3 - Investment and Overcapacity
Published online by Cambridge University Press: 03 February 2010
Summary
In this chapter we model the investment decisions of fishermen, under various management conditions. This study, which extends the results of Chapter 2, is necessary in order to understand the phenomenon of overcapacity, now widely considered to be a major obstacle to sustainable fisheries management. For example, Gréboval and Munro (1999), quoting P. Mace, state that “The key problem afflicting marine capture fishery resources … is overcapacity …. Over the two decades 1970–1990, world industrial fisheries harvesting capacity grew at a rate eight times greater than the rate of growth of landings from world capture fisheries.” And, according to Hilborn (2002) “Overfishing is primarily a symptom of overcapitalization and fisheries management systems that do not work.” Many other similar statements could be cited.

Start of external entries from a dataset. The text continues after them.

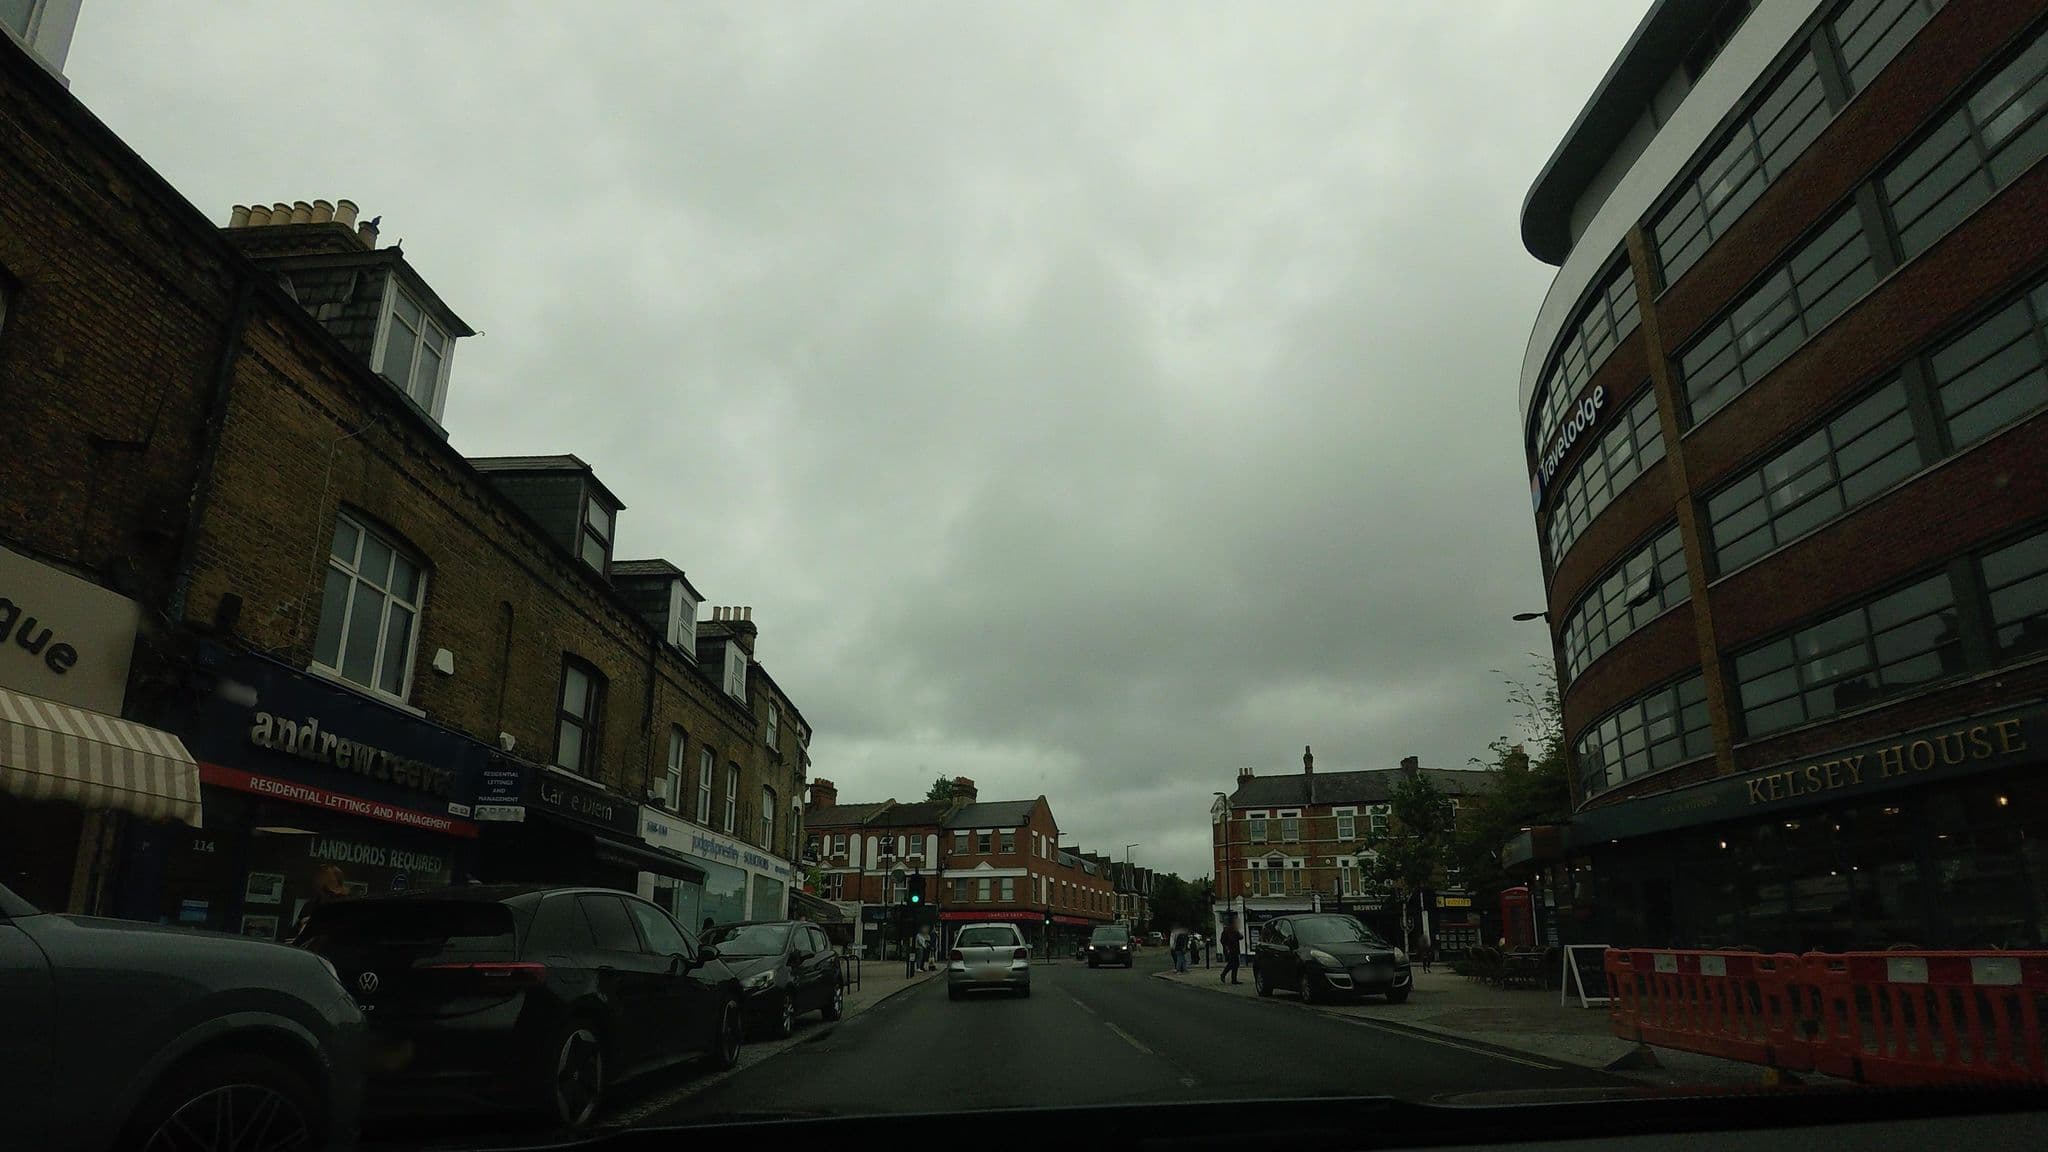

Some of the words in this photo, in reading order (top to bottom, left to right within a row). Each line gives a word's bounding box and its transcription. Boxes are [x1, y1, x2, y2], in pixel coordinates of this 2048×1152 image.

[1540, 384, 1604, 487] Travelodge
[1744, 753, 1866, 806] KELSEY
[1876, 717, 2028, 779] HOUSE
[249, 777, 322, 804] RESIDENTIAL
[324, 794, 371, 814] LETTINGS
[372, 805, 394, 819] AND
[395, 810, 452, 831] MANAGEMENT
[192, 839, 215, 852] 114
[309, 836, 386, 866] LANDLORDS
[389, 849, 442, 873] REQUIRED
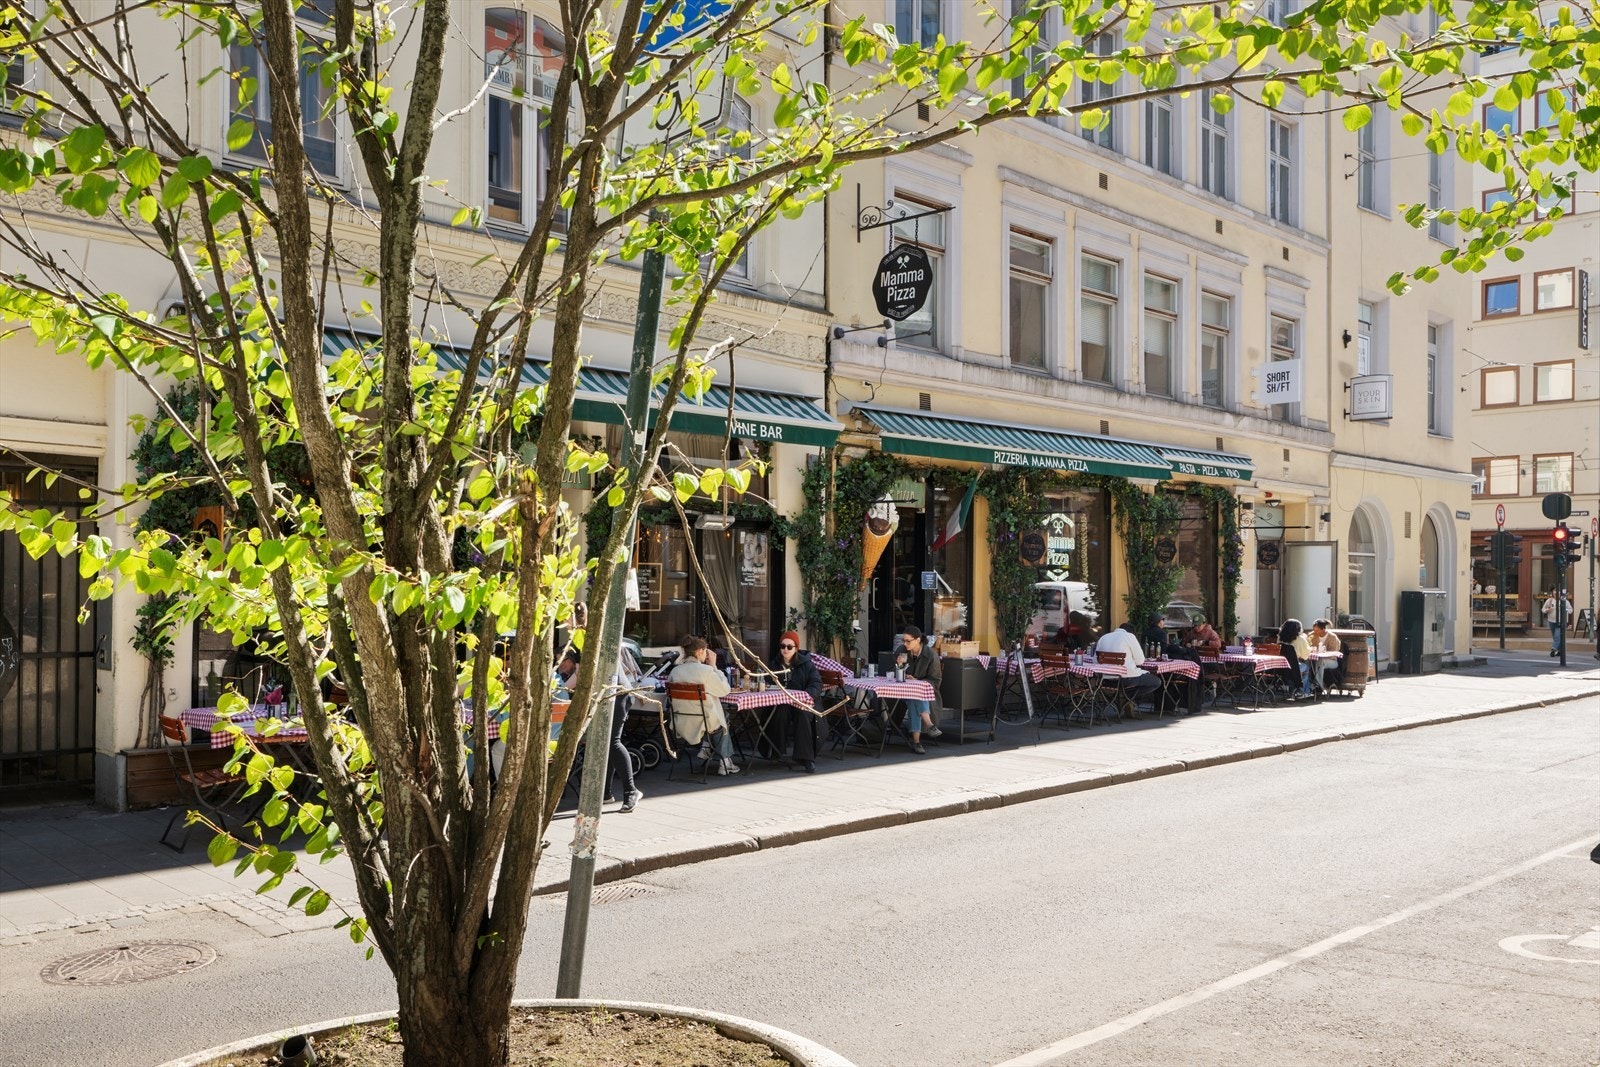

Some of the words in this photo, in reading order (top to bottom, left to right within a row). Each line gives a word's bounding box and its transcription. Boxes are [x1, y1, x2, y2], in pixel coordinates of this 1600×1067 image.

[488, 64, 515, 86] RMBA
[880, 268, 924, 288] Mamma
[887, 286, 916, 303] Pizza
[1266, 371, 1291, 383] SHORT
[1358, 389, 1381, 399] YOUR
[1358, 396, 1381, 405] SKIN
[724, 420, 757, 437] WINE
[759, 424, 783, 440] BAR
[993, 450, 1029, 466] PIZZERIA
[1031, 455, 1067, 470] MAMMA
[1067, 459, 1089, 472] PIZZA
[1178, 462, 1196, 474] PASTA
[1202, 465, 1220, 476] PIZZA
[1224, 468, 1240, 479] VINO

At least three questions arise from these perceptions:
Why has overcapacity occurred?
In what ways is overcapacity undesirable?

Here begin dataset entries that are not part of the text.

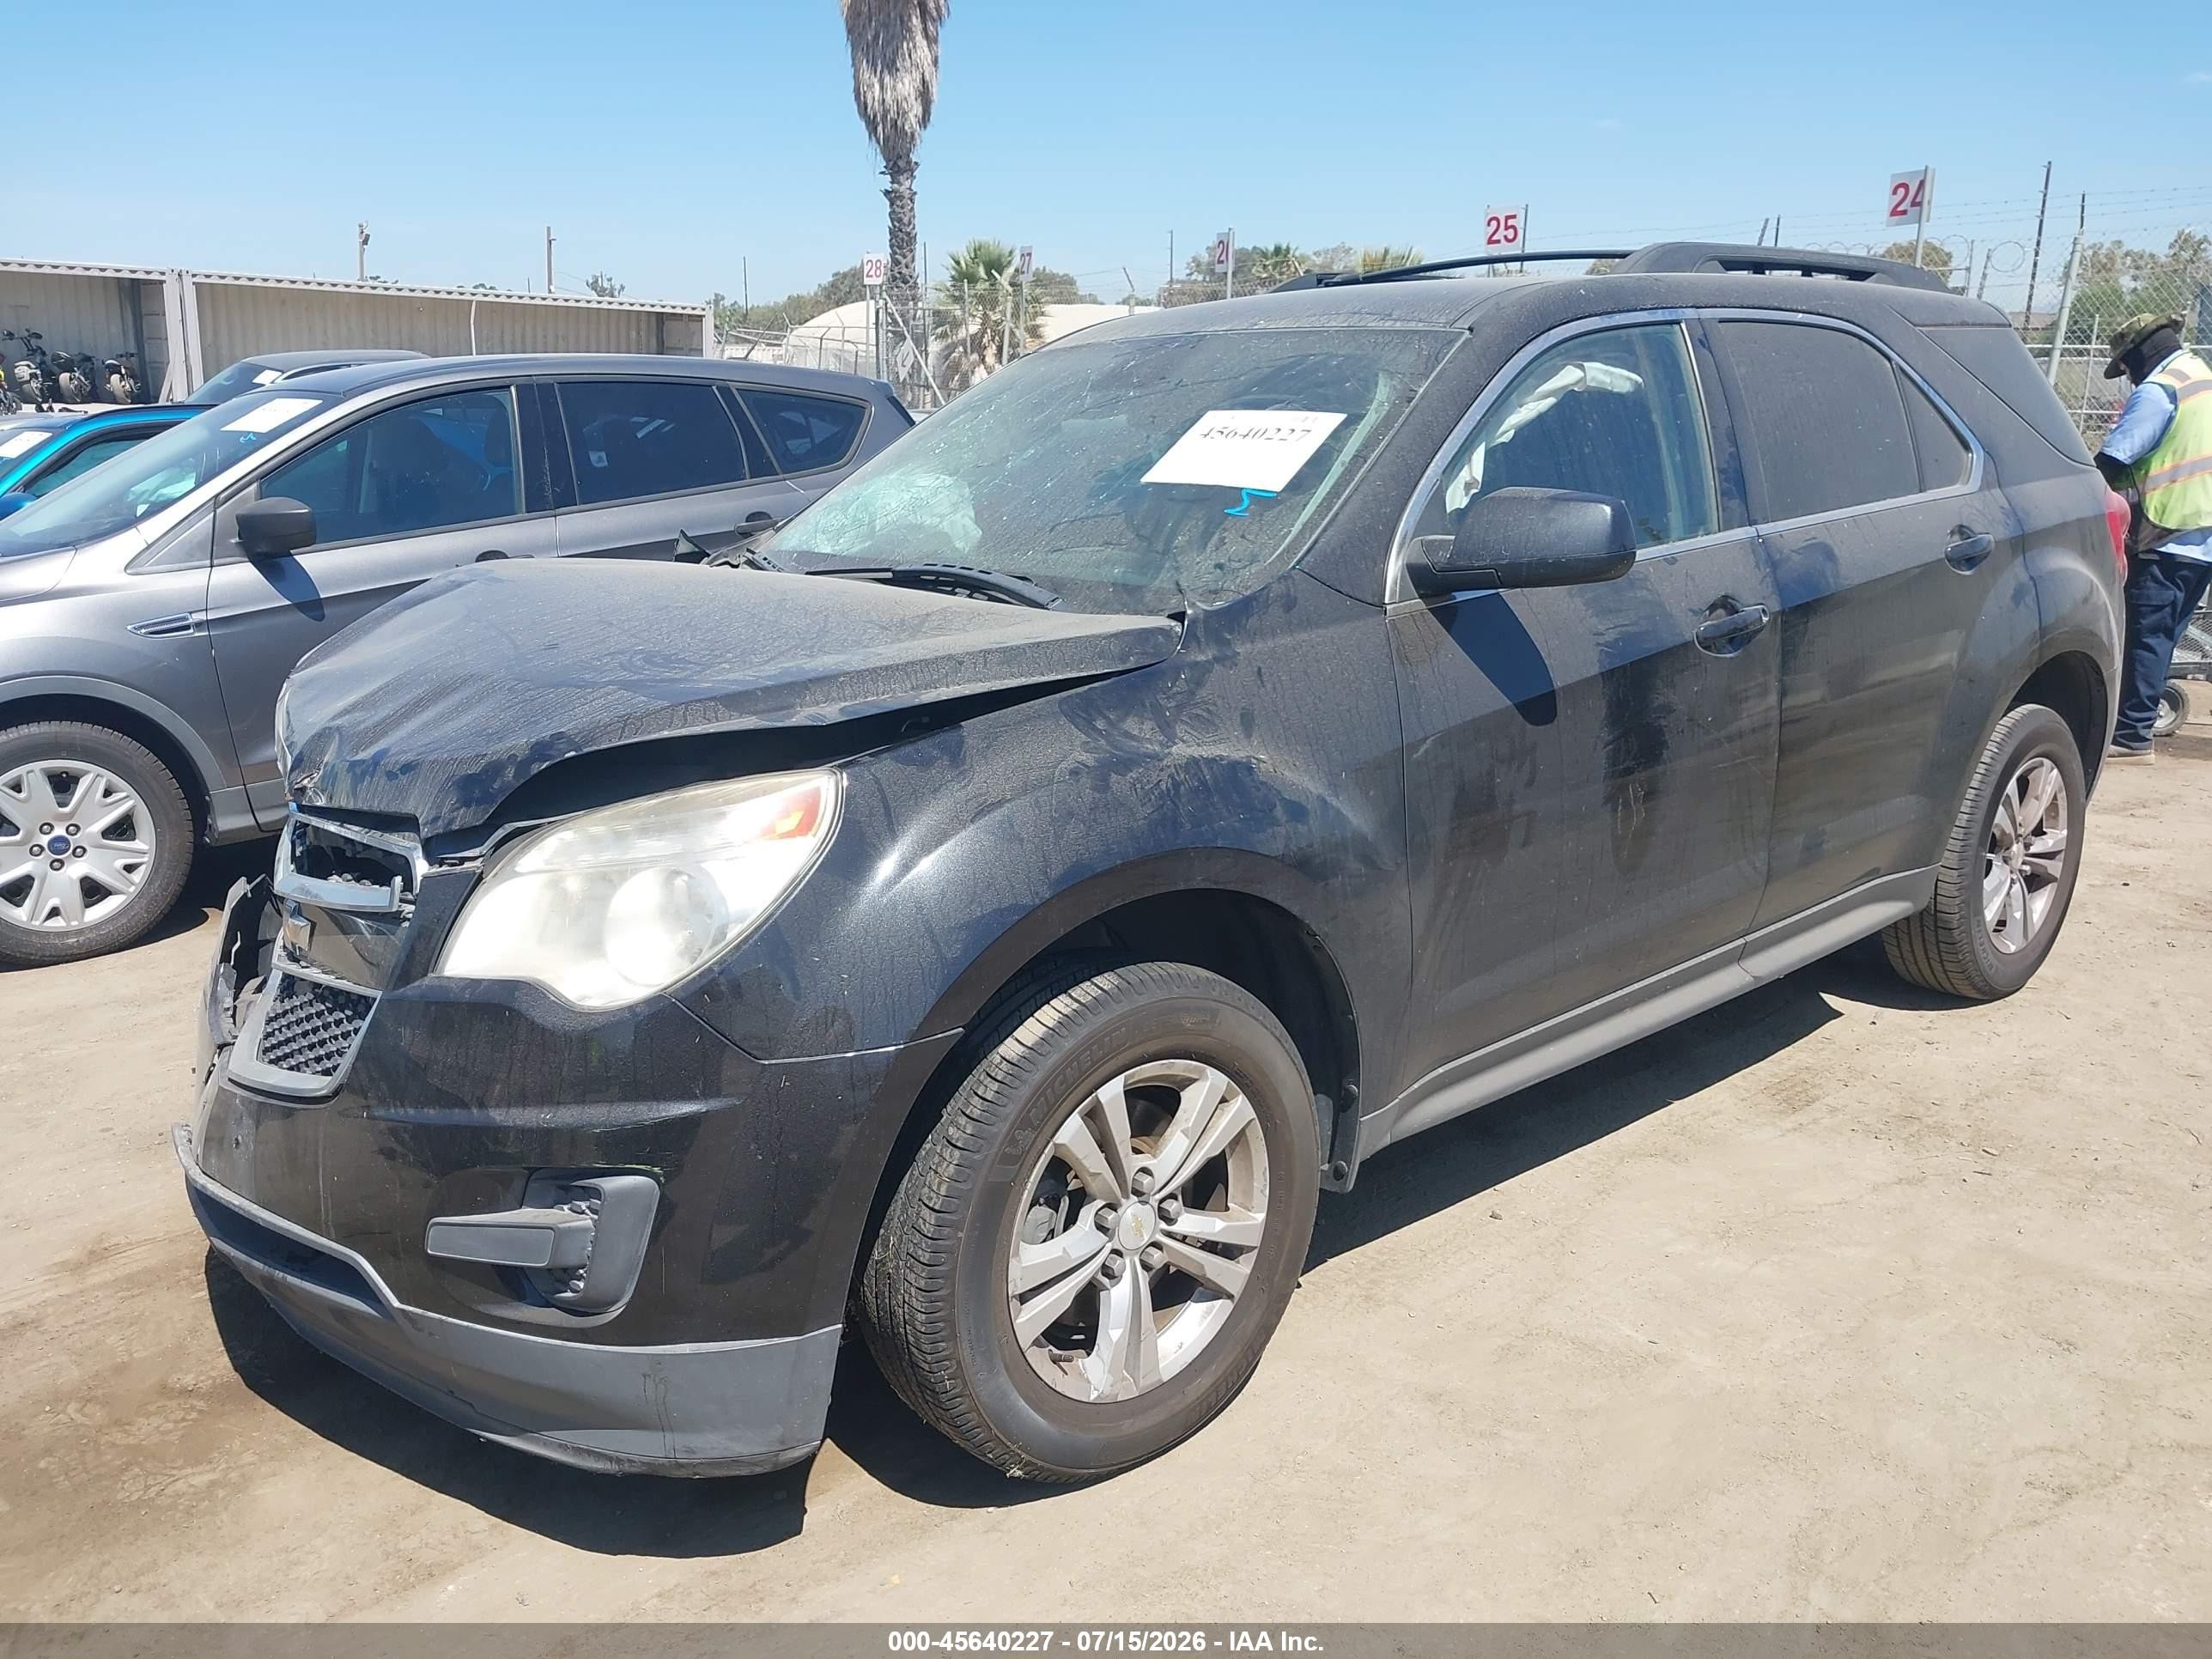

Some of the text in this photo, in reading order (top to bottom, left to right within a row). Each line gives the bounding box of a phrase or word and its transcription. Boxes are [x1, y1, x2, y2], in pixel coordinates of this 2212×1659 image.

[1486, 214, 1518, 246] 25
[1019, 252, 1032, 275] 27
[1217, 240, 1230, 264] 2
[865, 258, 883, 278] 28
[1199, 426, 1313, 442] 45640227

How should overcapacity be dealt with?
Governments have already spent hundreds of millions of US dollars attempting to reduce excess capacity in fisheries by means of buy-back programs. Whether these programs have been successful in achieving their objectives is questionable, to say the least. In a detailed empirical study of buy-back programs, Holland et al. (1999) stated that most buy-back programs had failed, and that “… the potential for buy-back programs to achieve the … goals that they are typically meant to address seem [sic] very limited.”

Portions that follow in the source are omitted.